Arra menatap Dean tanpa berkedip, bahkan setelah pria itu menoyor kepalanya, ia tetap tidak bisa mengalihkan tatapannya dari Dean, ada perasaan hangat yang menjalar ke rongga dadanya saat tangan kecilnya digenggam dengan begitu erat oleh Dean, ia merasa terlindungi dan merasa nyaman dengan semua itu.
“Di mana rumahmu?” Dean berhenti saat berada di persimpangan dua arah, ia menatap Arra yang ternyata masih betah memandanginya.
“Belok kanan dan rumah yang paling ujung.” Arra berujar gugup, ia menggigit bibirnya karena ketahuan menatap Dean sepanjang jalan, Arra yakin pria itu pasti sedang mentertawakannya dalam hati.
“Kak Arra,” teriakan itu menyadarkan Arra jika ternyata dirinya telah sampai di rumah, Dean benar-benar mengacaukan pikirannya, Bianca sudah berlari dan memeluknya, menyebabkan genggaman tangannya dengan Dean terlepas.
Bianca langsung memeluk Arra begitu erat, dan Dean bisa melihat kecemasan luar biasa di wajah gadis yang tidak kalah cantik dari Arra, Arra tersenyum kecil dan mengusap punggung Bianca untuk menenangkan gadis itu, senyum yang membuat hati Dean menghangat tanpa alasan.
“Kau teman Arra?” Tanya wanita paruh baya itu, membuat Dean mengangguk dan membungkuk hormat, Bianca sudah melepaskan pelukannya dan kini bergelayut manja di lengan Daisy.

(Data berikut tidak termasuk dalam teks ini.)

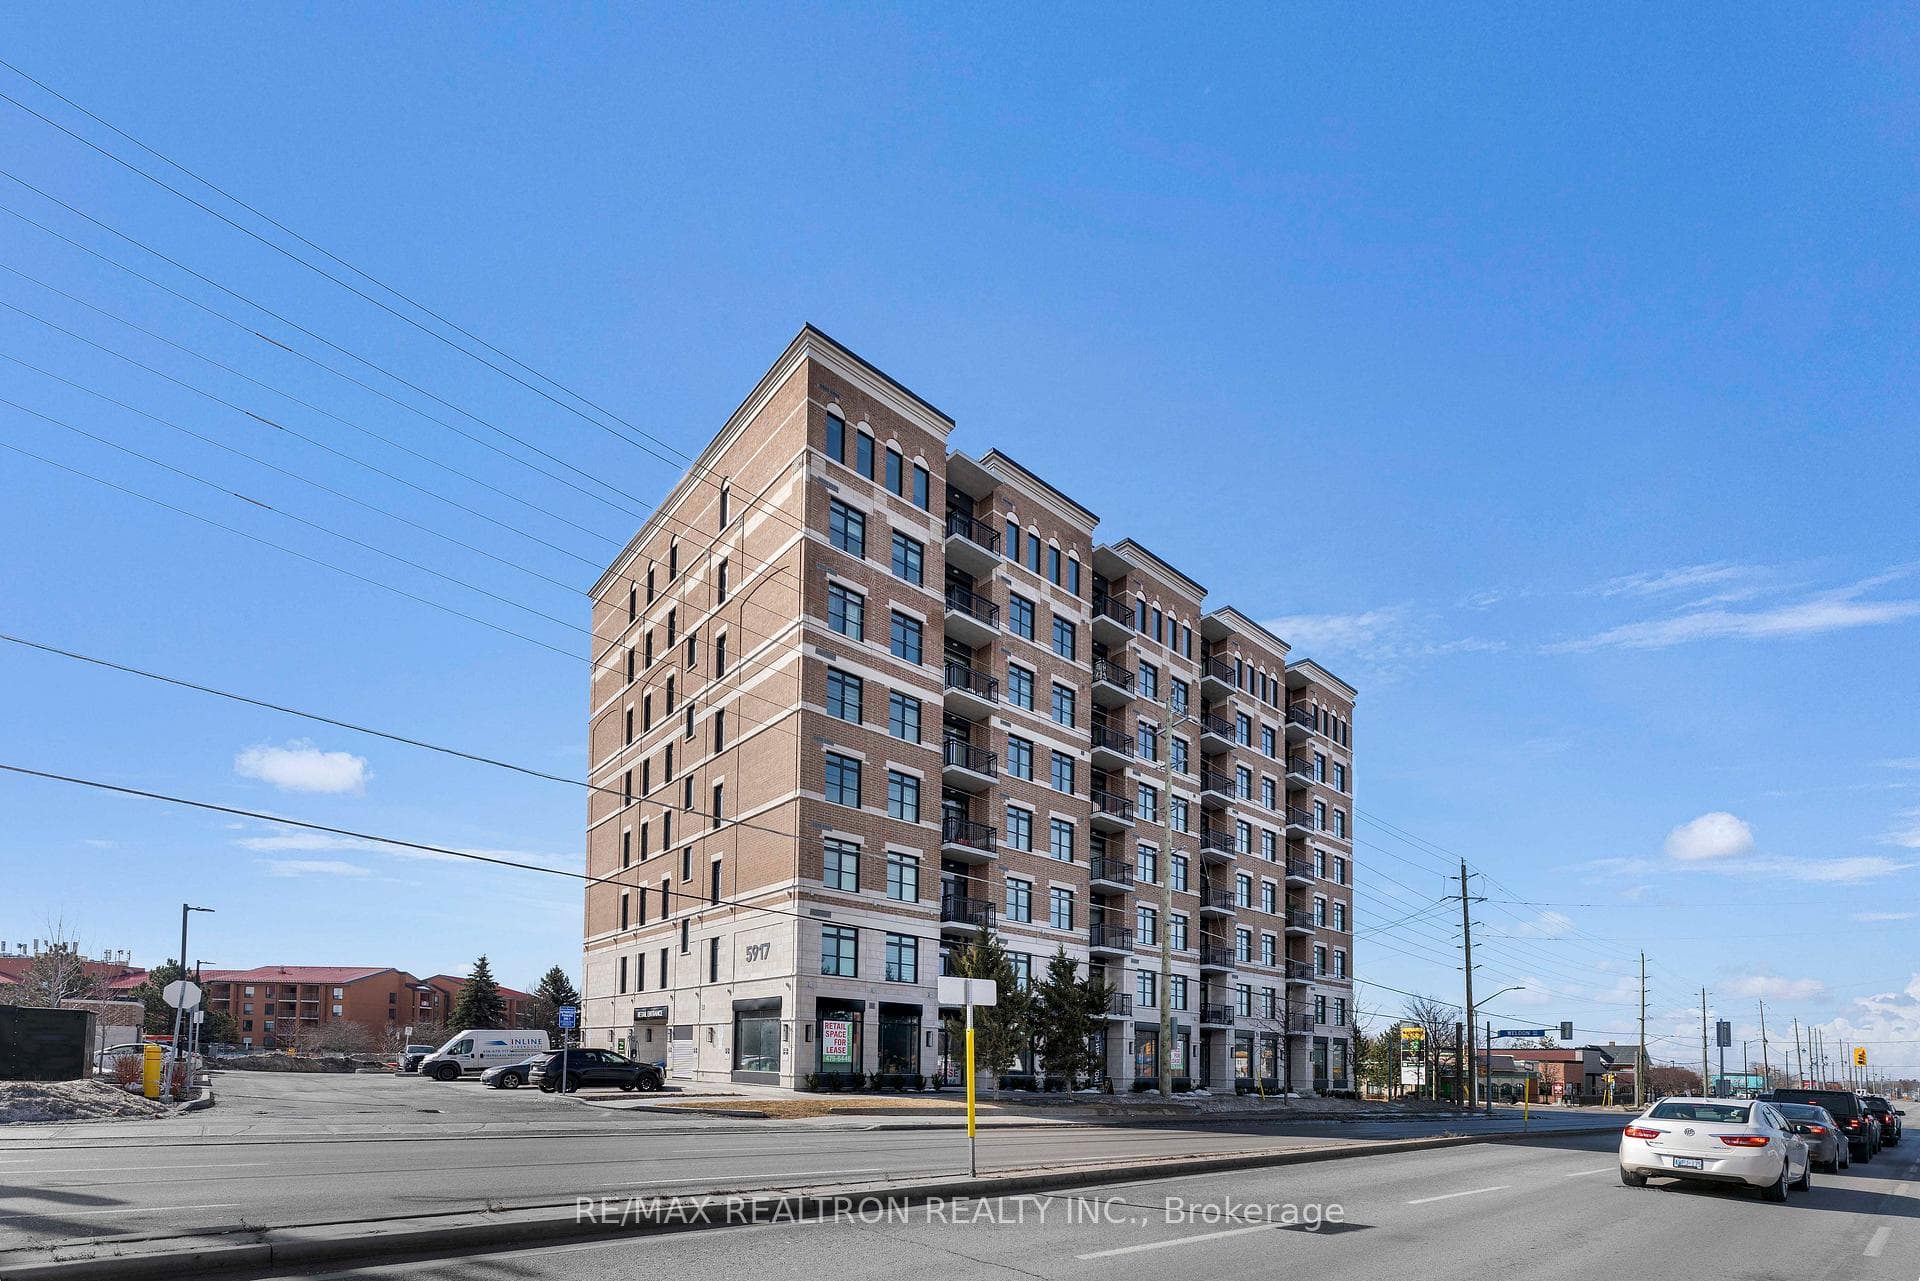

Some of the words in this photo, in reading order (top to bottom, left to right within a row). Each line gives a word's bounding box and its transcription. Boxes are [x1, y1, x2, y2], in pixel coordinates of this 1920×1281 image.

[745, 942, 771, 963] 5917
[824, 1022, 847, 1031] RETAIL
[825, 1030, 847, 1038] SPACE
[511, 1038, 544, 1046] INLINE
[833, 1038, 847, 1046] FOR
[826, 1046, 847, 1054] LEASE

“Kak Dean, terima kasih sudah mengantar kakakku dengan selamat.” Bianca tersenyum begitu manisnya sambil membungkukkan badannya berkali-kali, Daisy juga mengatakan hal yang sama membuat Dean hanya tersenyum menanggapinya, dan Arra bersumpah itu adalah senyuman paling indah yang pernah ia lihat selama hidupnya.

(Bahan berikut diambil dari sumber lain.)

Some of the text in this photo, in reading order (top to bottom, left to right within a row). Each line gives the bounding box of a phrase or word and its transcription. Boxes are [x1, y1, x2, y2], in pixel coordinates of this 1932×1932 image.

“Aku permisi dulu jika begitu Aunty, Bianca,” Dean tersenyum lagi dan mengacak-acak rambut Bianca sebelum melangkah pergi.
“Ayo masuk Bianca,”
“Ya, kau masuklah dulu bersama Mommy,” Ujar Bianca masih memandangi Dean yang semakin menjauh. Arra hanya mengangkat bahunya dan memilih masuk ke dalam rumah, Bianca yang melihat ibu dan kakaknya telah masuk, langsung berlari untuk mengejar Dean.
“Kak Dean,”
“Bianca, ada apa?” Tanya Dean melihat Bianca yang masih mengatur napasnya.
“Bisakah kau menjaga Kak Arra? Aku tidak pernah tahu siapa temannya dan kau satu-satunya teman yang pernah aku kenal.” Dean mengernyit mendengar permintaan gadis itu.

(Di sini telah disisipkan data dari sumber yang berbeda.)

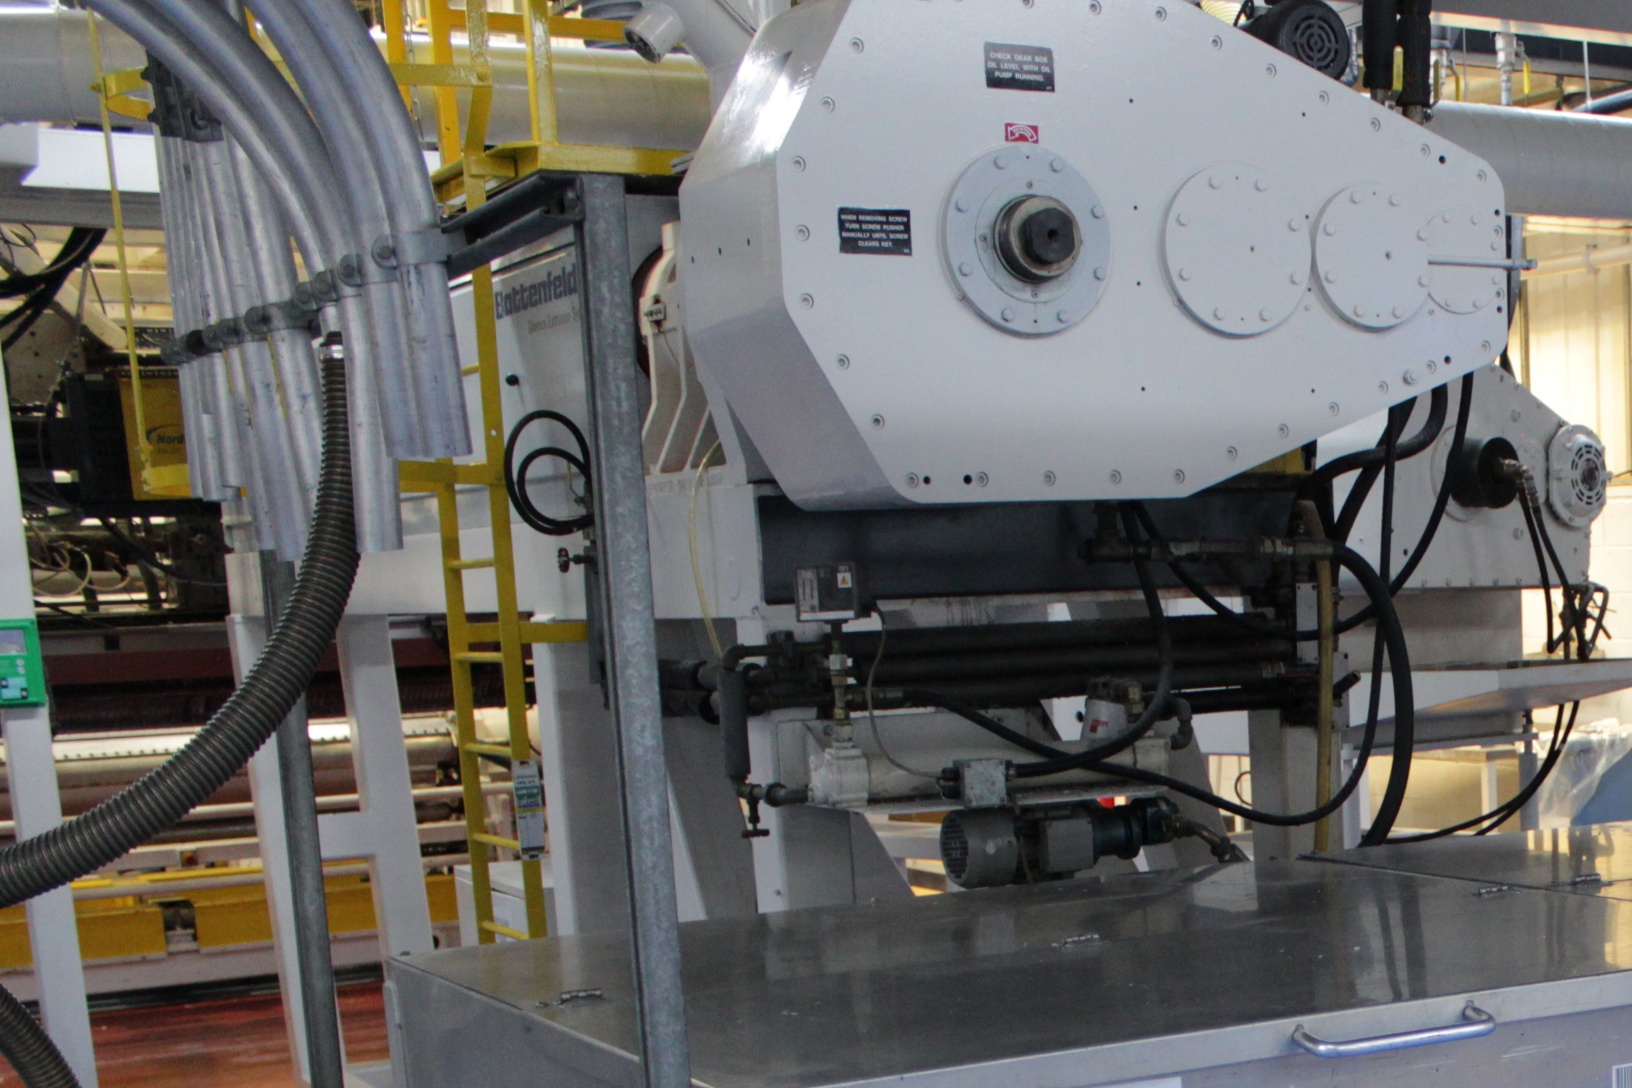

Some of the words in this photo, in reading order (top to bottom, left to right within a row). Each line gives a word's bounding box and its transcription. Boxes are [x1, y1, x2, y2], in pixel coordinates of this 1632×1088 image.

Dean yang terdiam membuat Bianca menatapnya dengan cemas, apa permintaannya konyol? Atau terlalu berlebihan? Mungkinkah ia akan merusak hubungan Dean dengan Arra? Tanpa sadar Bianca menggigit bibirnya dan meremas ujung bajunya.
“Aku baru mengenalnya dua hari ini Bianca, tapi aku akan mencoba menjadi teman yang baik untuknya.” Dean meremas bahu gadis belia itu dan tersenyum, Bianca yang sejak tadi menundukkan kepalanya langsung mendongak dan menatap Dean dengan tatapan berbinar.
“Terima kasih Kak Dean, terima kasih.” Bianca reflek memeluk Dean, membuat Dean tersentak, namun perlahan tangannya membelai punggung Bianca sama seperti yang Arra lakukan tadi.